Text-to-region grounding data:
________________________
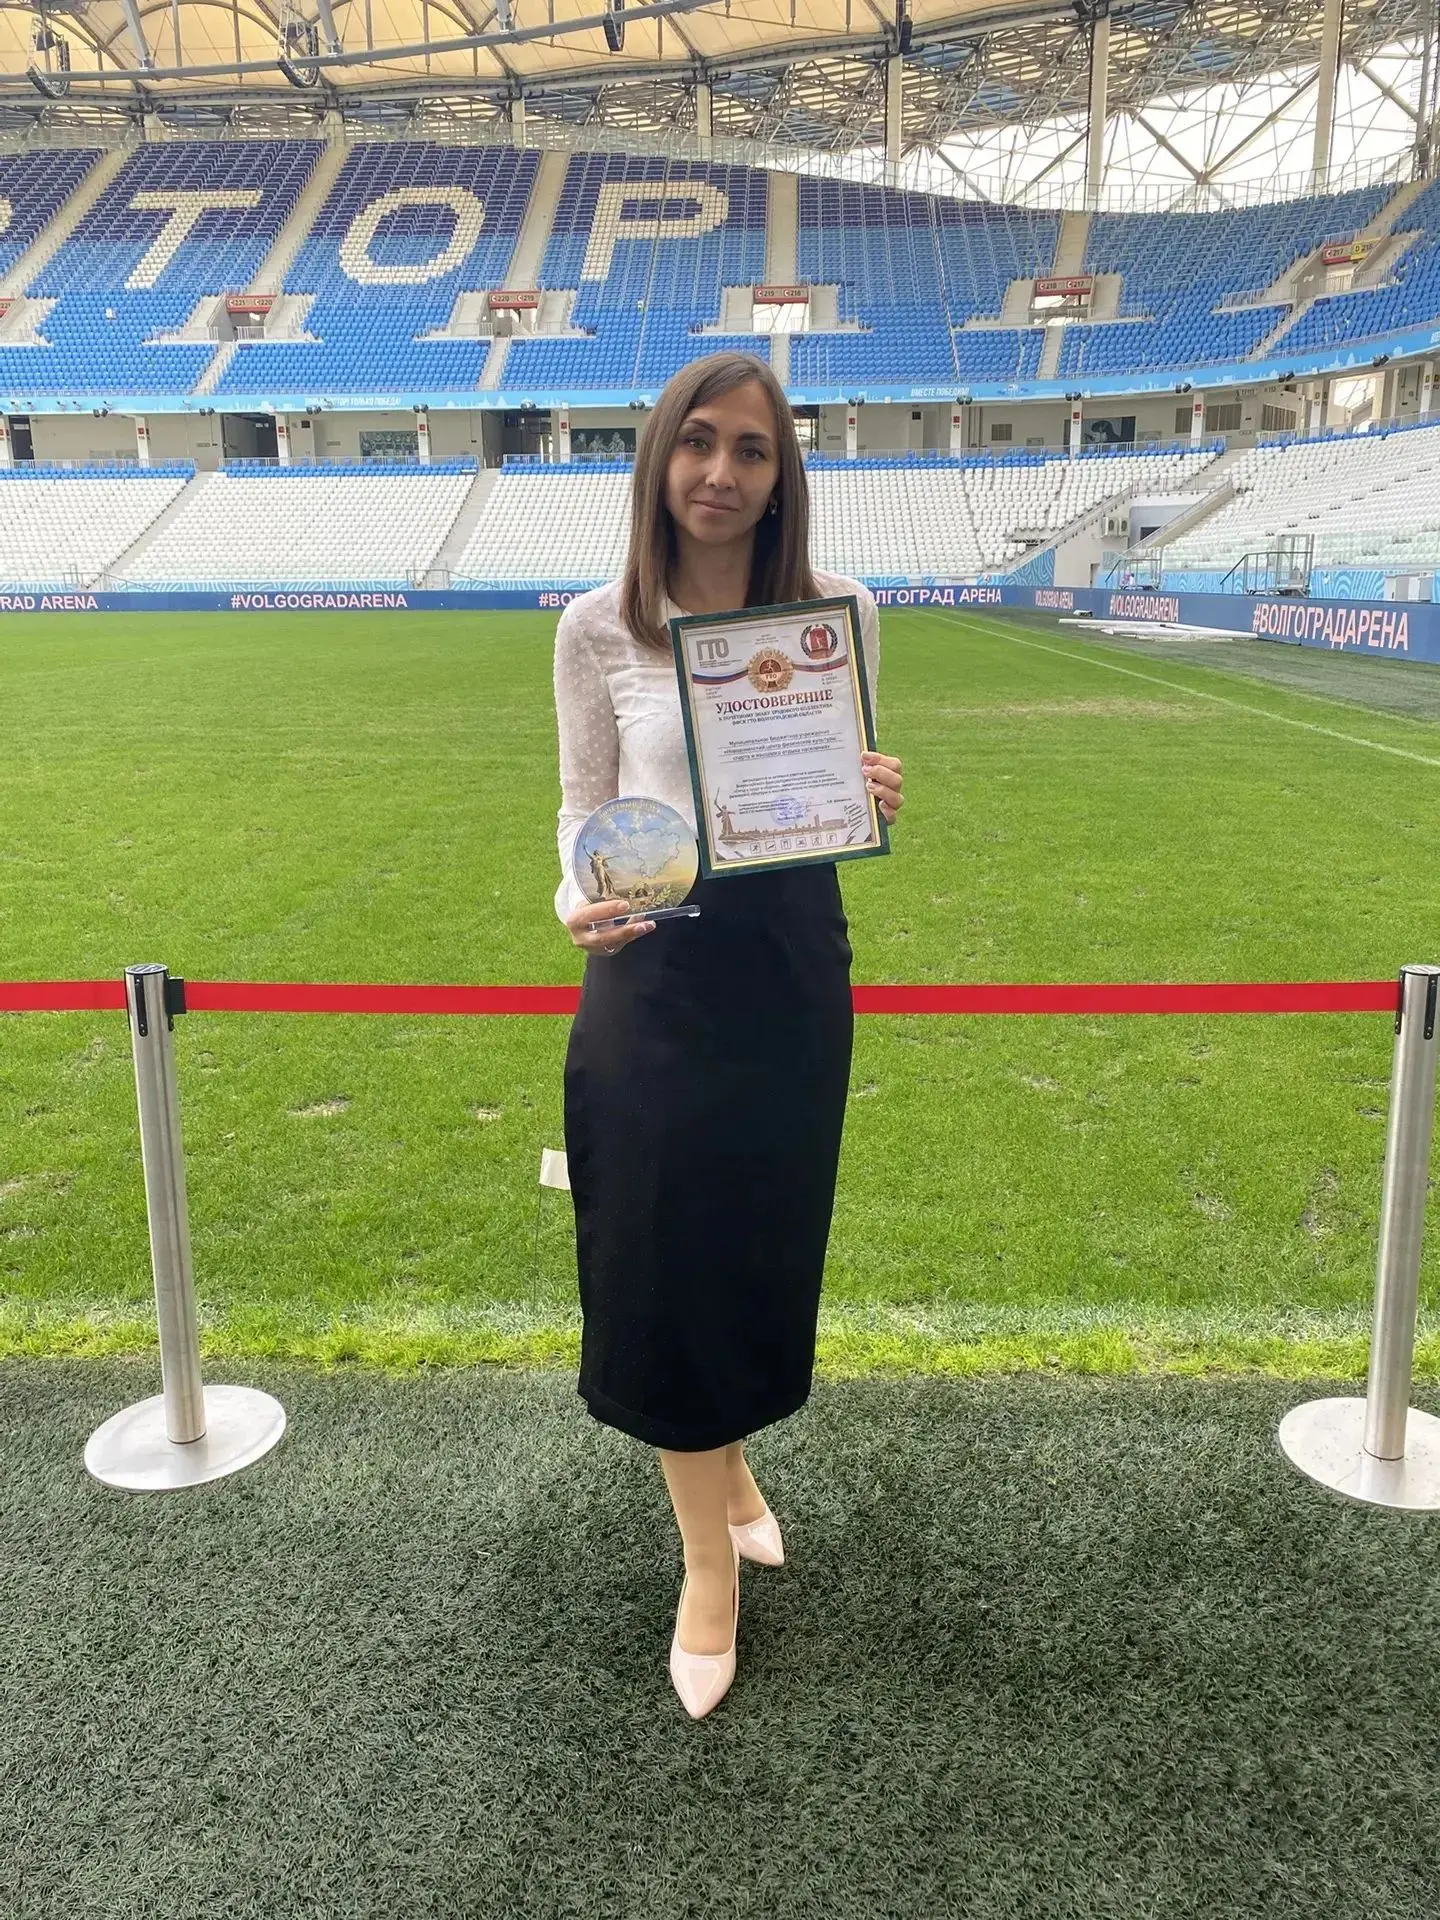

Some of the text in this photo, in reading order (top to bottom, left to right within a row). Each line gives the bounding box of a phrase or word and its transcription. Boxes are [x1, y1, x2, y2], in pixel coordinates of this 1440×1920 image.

[40, 595, 99, 610] ARENA
[231, 593, 408, 609] #VOLGOGRADARENA
[538, 592, 584, 607] #ВО
[958, 588, 1001, 603] АРЕНА
[1109, 594, 1179, 623] #VOLGOGRADARENA
[1252, 602, 1409, 651] #ВОЛГОГРАДАРЕНА
[696, 637, 730, 661] ГТО
[715, 689, 833, 714] УДОСТОВЕРЕНИЕ
________________________
* [ABOUT THIS EXERCISE] The expected output is the full data above, reproduced exactly with no images.

* [SOLUTION FOR THIS PROBLEM]
Some of the text in this photo, in reading order (top to bottom, left to right within a row). Each line gives the bounding box of a phrase or word and its transcription. Boxes are [x1, y1, x2, y2], in pixel coordinates of this 1440×1920 image.

[40, 595, 99, 610] ARENA
[231, 593, 408, 609] #VOLGOGRADARENA
[538, 592, 584, 607] #ВО
[958, 588, 1001, 603] АРЕНА
[1109, 594, 1179, 623] #VOLGOGRADARENA
[1252, 602, 1409, 651] #ВОЛГОГРАДАРЕНА
[696, 637, 730, 661] ГТО
[715, 689, 833, 714] УДОСТОВЕРЕНИЕ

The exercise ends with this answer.